▸ PROVIDED RECORDS
________________

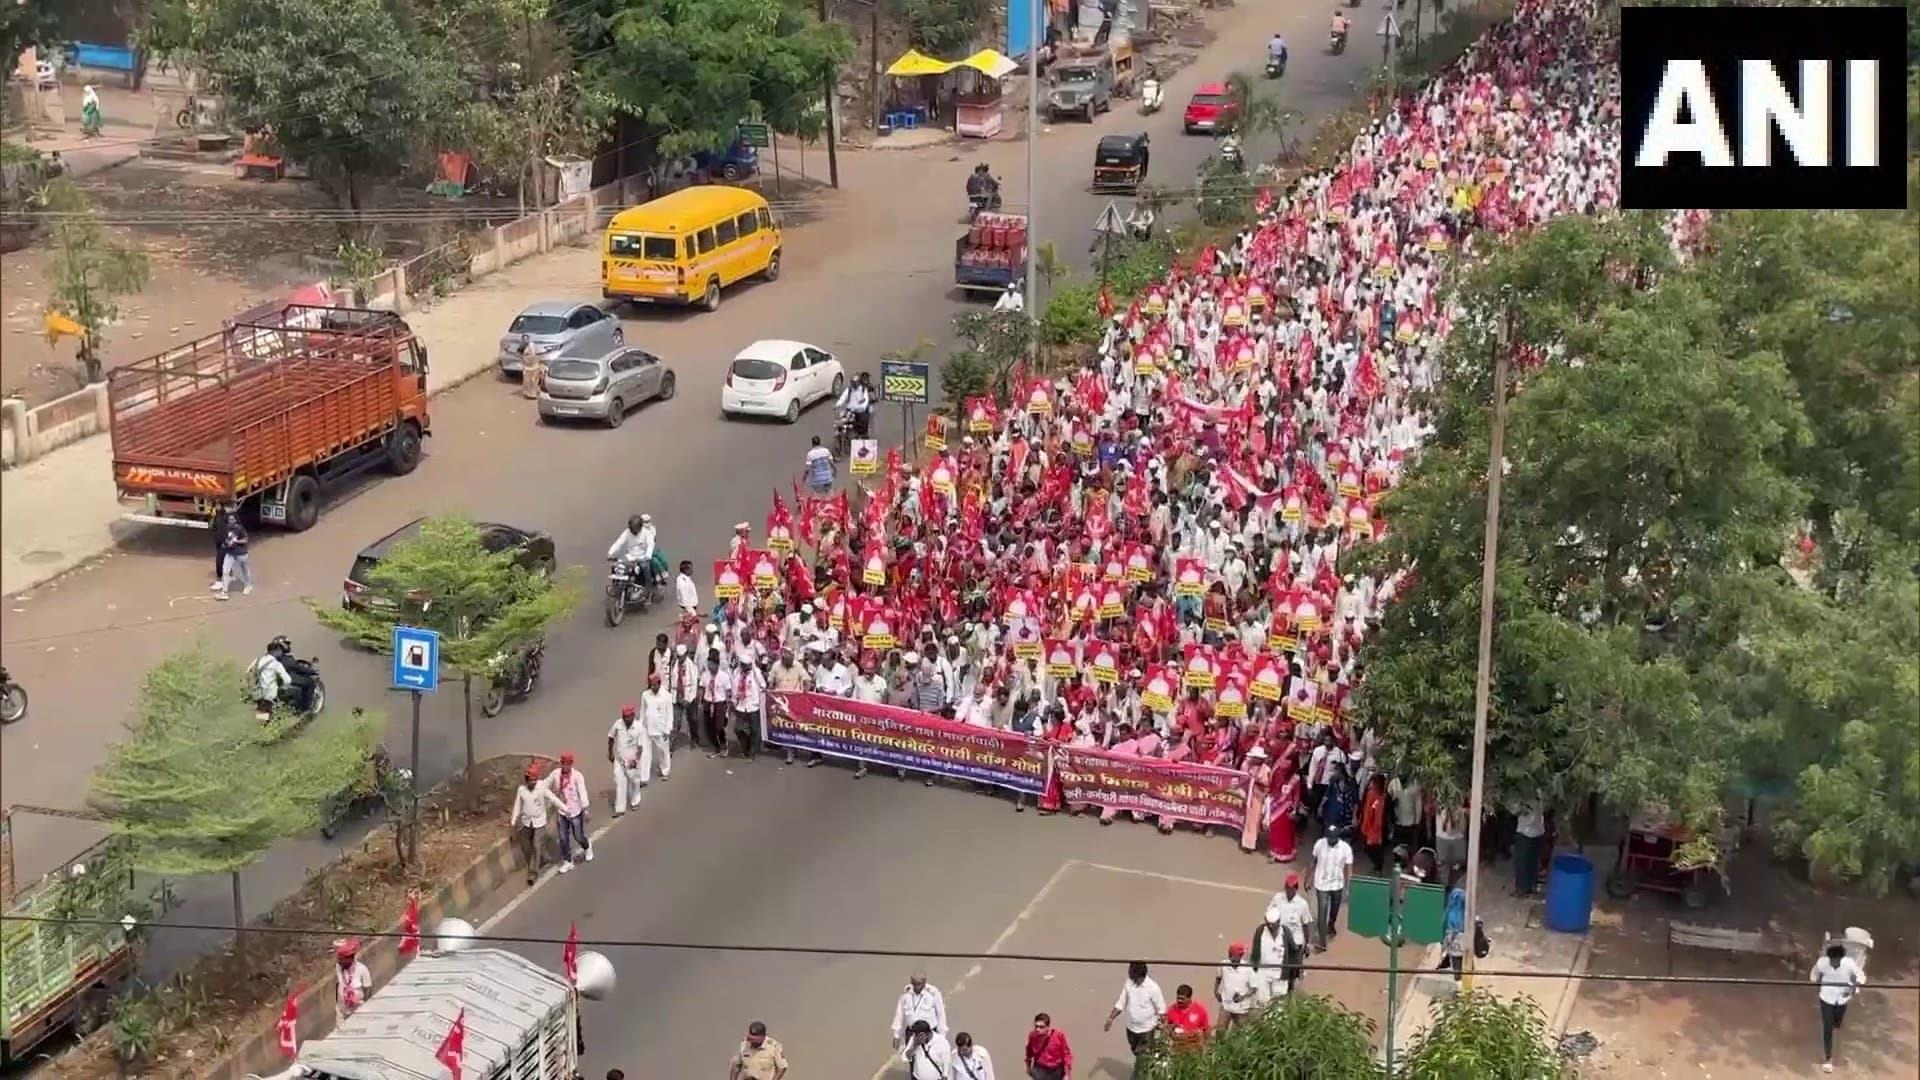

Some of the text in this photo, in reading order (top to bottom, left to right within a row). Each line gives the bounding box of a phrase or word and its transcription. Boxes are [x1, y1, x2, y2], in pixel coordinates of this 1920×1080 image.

[128, 467, 217, 482] ASHOK LEYLAND
[812, 706, 857, 724] भारताचा
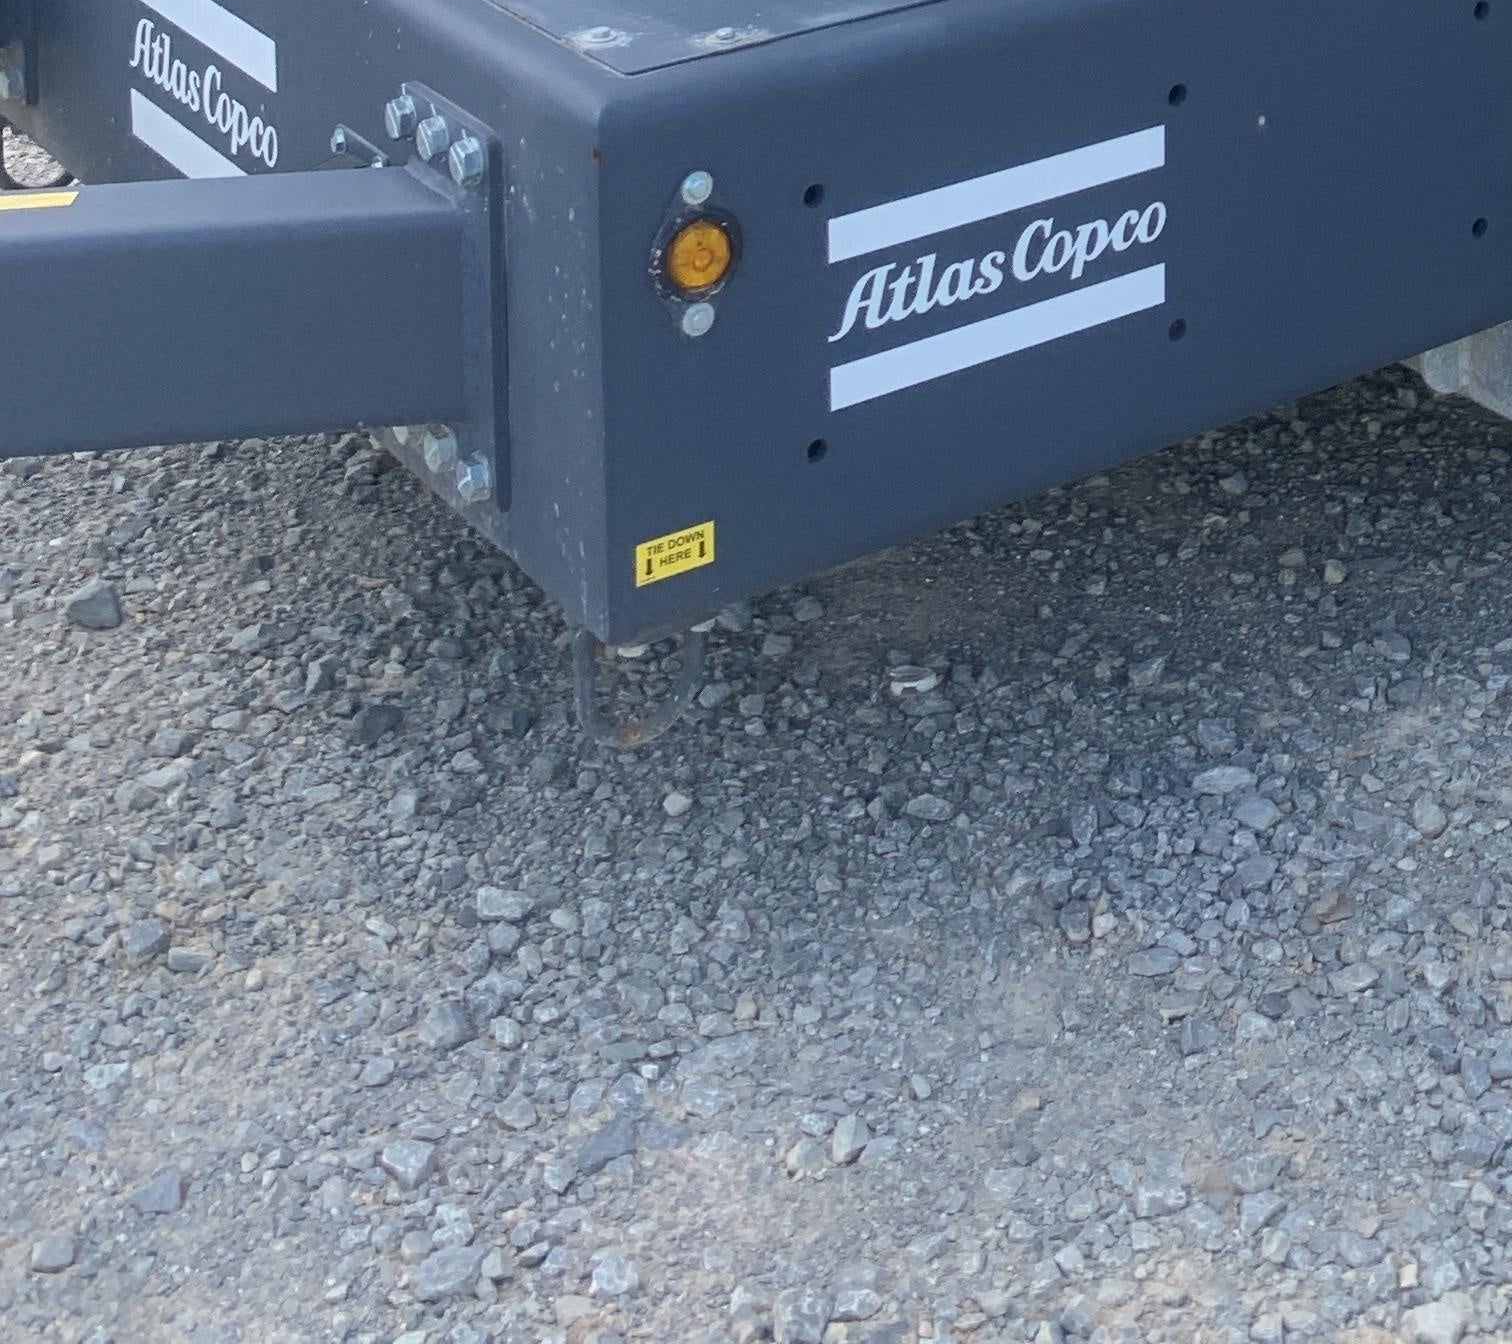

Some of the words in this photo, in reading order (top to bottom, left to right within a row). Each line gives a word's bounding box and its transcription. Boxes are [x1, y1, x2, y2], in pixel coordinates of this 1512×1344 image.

[130, 18, 202, 114] Atlas
[203, 64, 279, 168] Copco
[827, 248, 1006, 343] Atlas
[1011, 200, 1168, 283] Copco
[647, 543, 665, 557] TIE
[667, 530, 704, 549] DOWN
[659, 548, 692, 567] HERE
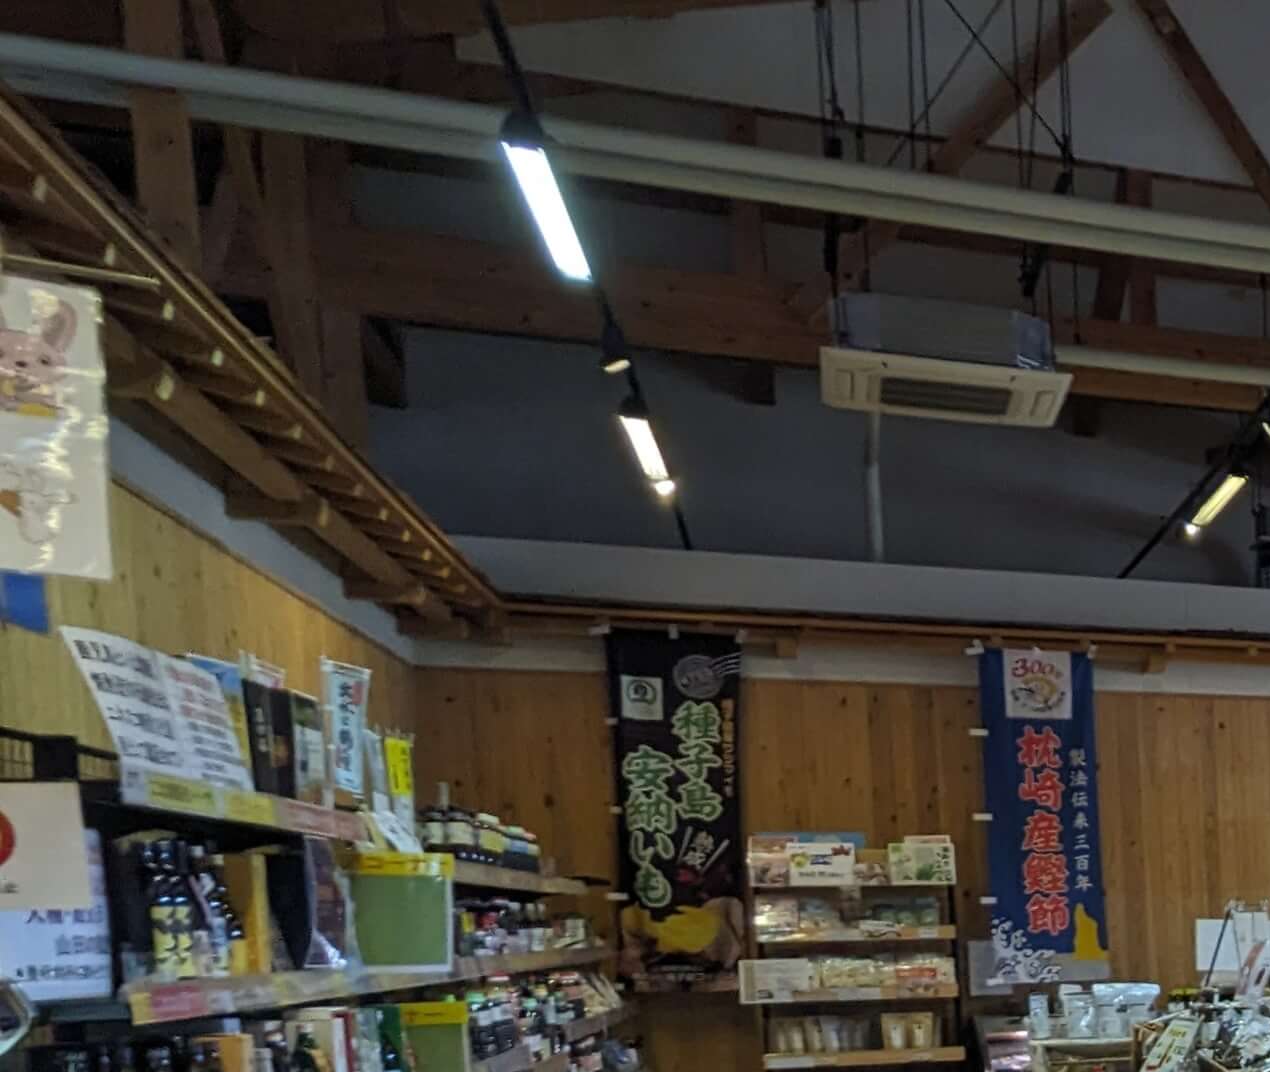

________________

▸ WHAT THIS TASK INVOLVES
Take the line that contains "Some of the words" as the first and the last line of the records as the end, and please quote those lines exactly, pictures omitted.

▸ FINAL ANSWER
Some of the words in this photo, in reading order (top to bottom, left to right within a row). Each line gives a word's bounding box and its transcription. Boxes are [x1, y1, x2, y2], in pixel coordinates of this 1512×1344 image.

[130, 18, 202, 114] Atlas
[203, 64, 279, 168] Copco
[827, 248, 1006, 343] Atlas
[1011, 200, 1168, 283] Copco
[647, 543, 665, 557] TIE
[667, 530, 704, 549] DOWN
[659, 548, 692, 567] HERE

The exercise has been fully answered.